Data in this exercise section start
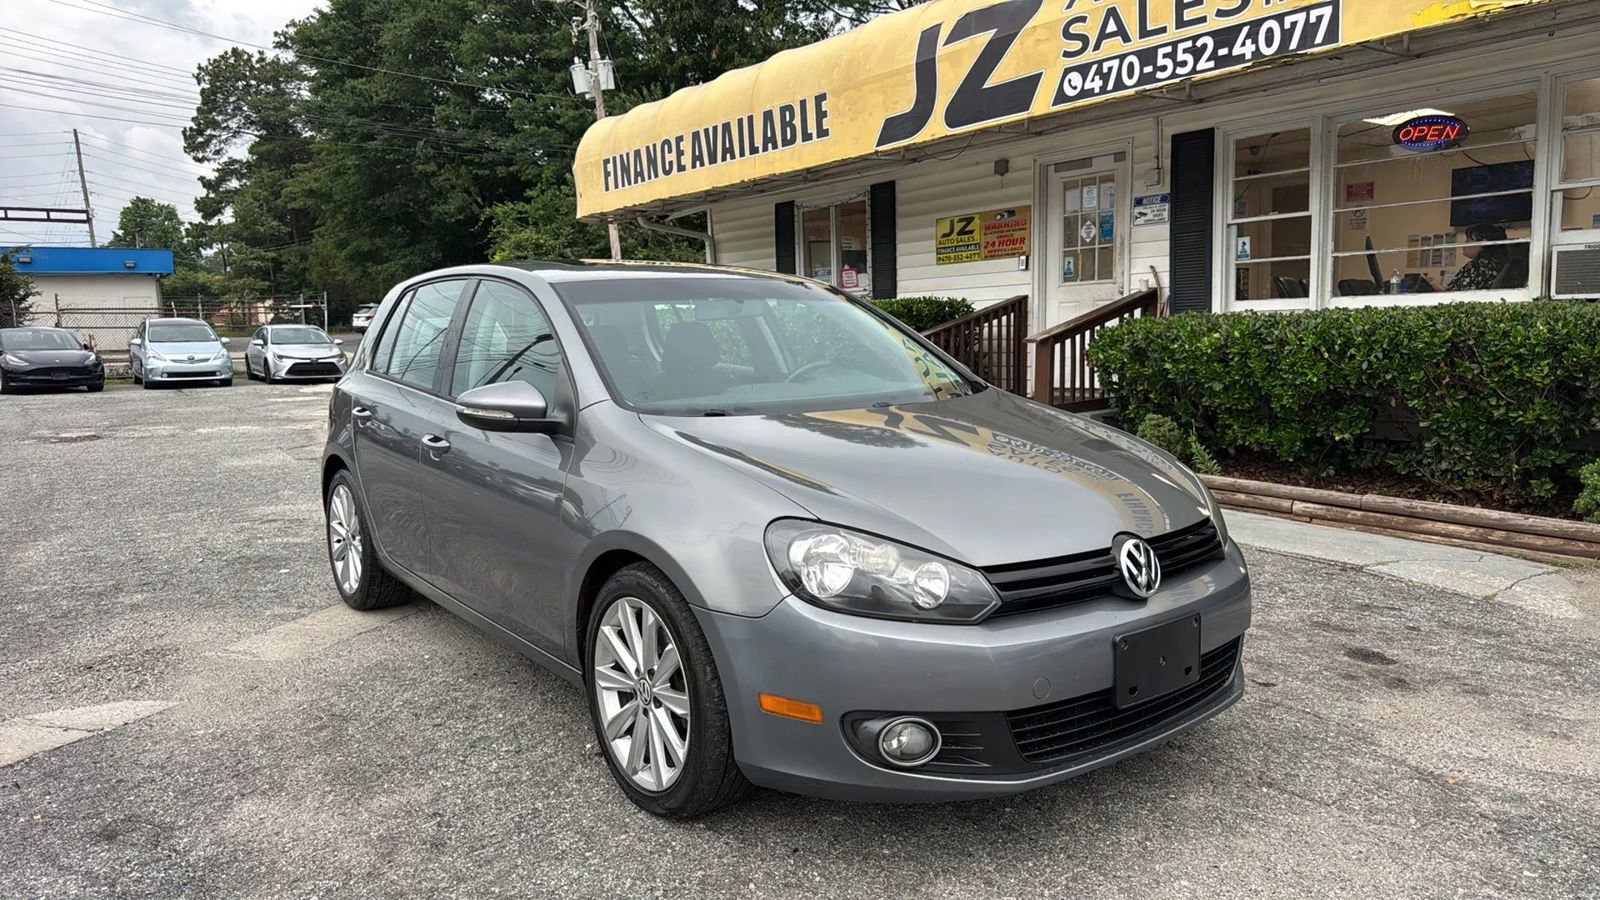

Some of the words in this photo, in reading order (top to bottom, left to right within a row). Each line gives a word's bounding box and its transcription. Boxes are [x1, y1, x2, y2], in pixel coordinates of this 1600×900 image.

[1083, 5, 1333, 94] 470-552-4077
[874, 0, 1045, 149] JZ
[602, 134, 687, 192] FINANCE
[690, 92, 830, 170] AVAILABLE
[1399, 124, 1460, 141] OPEN
[940, 216, 976, 239] JZ
[937, 246, 956, 254] FINANCE
[955, 243, 980, 252] AVAILABLE
[938, 238, 956, 246] AUTO
[955, 235, 976, 245] SALES
[983, 240, 997, 250] 24
[997, 236, 1026, 248] HOUR
Data in this exercise section end
### Your goal
Set aside the pictures. Then return every line of the material above verbatim.

### Response below
Some of the words in this photo, in reading order (top to bottom, left to right within a row). Each line gives a word's bounding box and its transcription. Boxes are [x1, y1, x2, y2], in pixel coordinates of this 1600×900 image.

[1083, 5, 1333, 94] 470-552-4077
[874, 0, 1045, 149] JZ
[602, 134, 687, 192] FINANCE
[690, 92, 830, 170] AVAILABLE
[1399, 124, 1460, 141] OPEN
[940, 216, 976, 239] JZ
[937, 246, 956, 254] FINANCE
[955, 243, 980, 252] AVAILABLE
[938, 238, 956, 246] AUTO
[955, 235, 976, 245] SALES
[983, 240, 997, 250] 24
[997, 236, 1026, 248] HOUR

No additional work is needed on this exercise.